Brighton Formation House
The Formation House, located in Brighton & Hove in the UK is where individuals will come to share in the Archbishop’s apostolate of working with the homeless and ministering to the faithful. Life in the Formation House will be based on the four basics of all priestly common life, which are prayer, study, meals, and recreation. The house will offer a peaceful and contemplative environment where individuals can deepen their spiritual life, grow in knowledge, and build lasting relationships with others who share similar interests and goals. The Formation House will be an ideal place for any man who wants to deepen his faith and discern a call to the priesthood.
Brighton is located on England’s South Coast in the county of East Sussex. It’s only an hour away from Central London by train and 30 minutes from London Gatwick, one of the UK’s major international airports. Granted city status in 2000, today Brighton and Hove district has a resident population of about 277,103 and the wider Brighton and Hove conurbation has a population of 474,485 (2011 census). It is ranked the 57th most populous district in England. Compared to the national average, Brighton has fewer children and old residents but a large proportion of adults aged 20–44. Brighton is identified as one of the least religious places in the UK, based upon analysis of the 2011 census which revealed that 42 per cent of the population profess no religion, far higher than the national average of 25 per cent.

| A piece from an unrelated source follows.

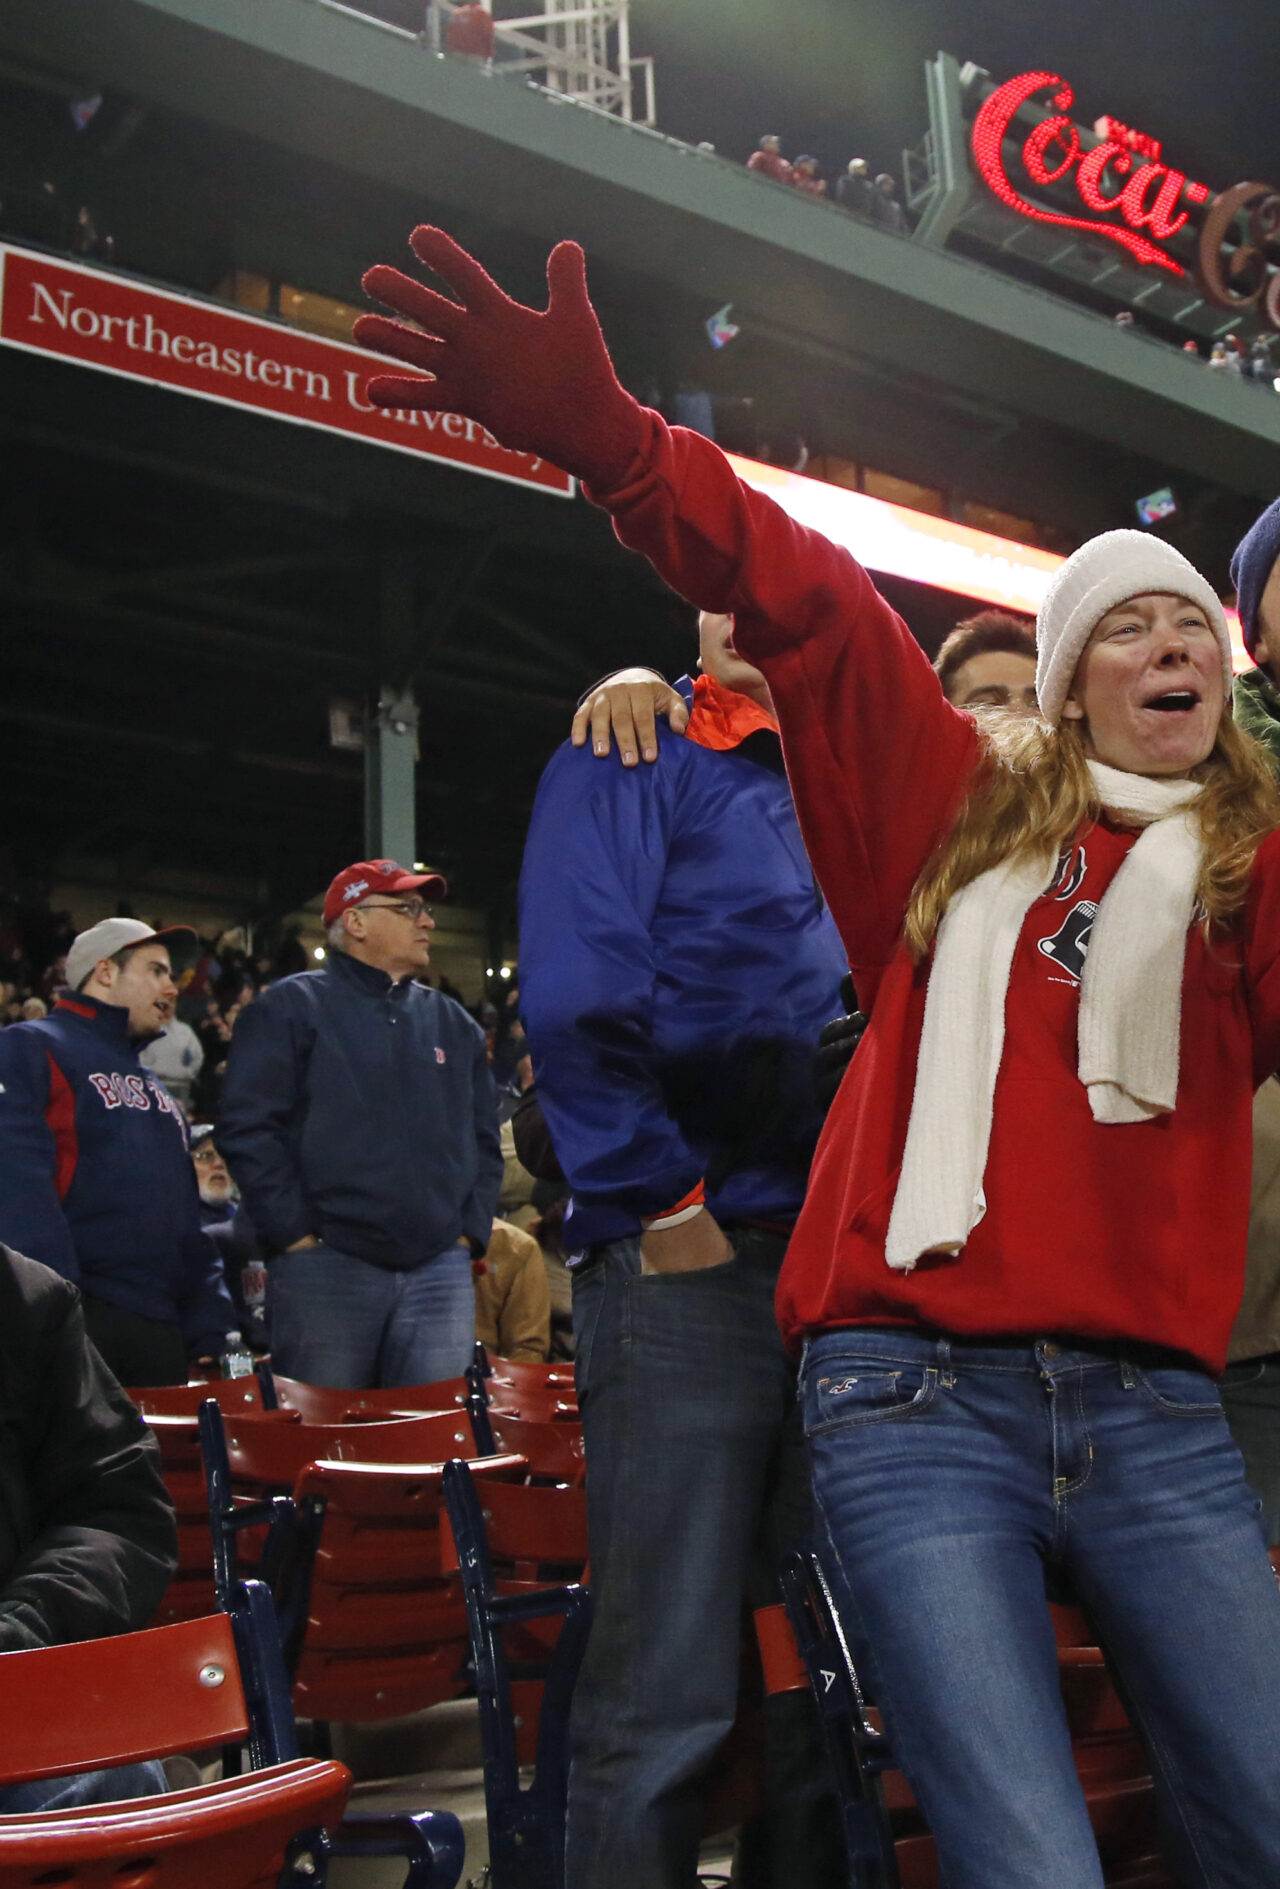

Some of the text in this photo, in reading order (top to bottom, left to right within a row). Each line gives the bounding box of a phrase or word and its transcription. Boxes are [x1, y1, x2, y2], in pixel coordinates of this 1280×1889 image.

In the Georgian era, Brighton developed as a highly fashionable seaside resort, encouraged by the patronage of the Prince Regent, later King George IV, who spent much time in the town and constructed the Royal Pavilion in the Regency era. Brighton continued to grow as a major centre of tourism following the arrival of the railways in 1841, becoming a popular destination for day-trippers from London. Many of the major attractions were built in the Victorian era. Every May the city hosts England’s biggest arts festival. Brighton Festival features theatre, music, art and visual media by leading names from around the world. And all year round there are plays, art exhibitions, gigs and events at many of the theatres, pubs, museums and galleries in the city.
In December 2021, new data released by Shelter, revealed that “one in 78 people in Brighton and Hove are homeless”. The report also records the city as having the third highest rate of homelessness in England, with London claiming the top spot followed by Luton. In a previous charity report issued in November 2016, three areas in Brighton & Hove, East Brighton, Queen’s Park, and Moulsecoomb & Bevendean ranked in the top ten per cent nationally for deprivation. Homelessness figures released by Crisis in December 2018 reported a record high in the UK, with figures in Sussex, including Brighton and Hove, reported as being “high”. At a meeting of the full B&H Council on 25 March 2021, Brighton and Hove became the first UK City to adopt the Homeless Bill of Rights.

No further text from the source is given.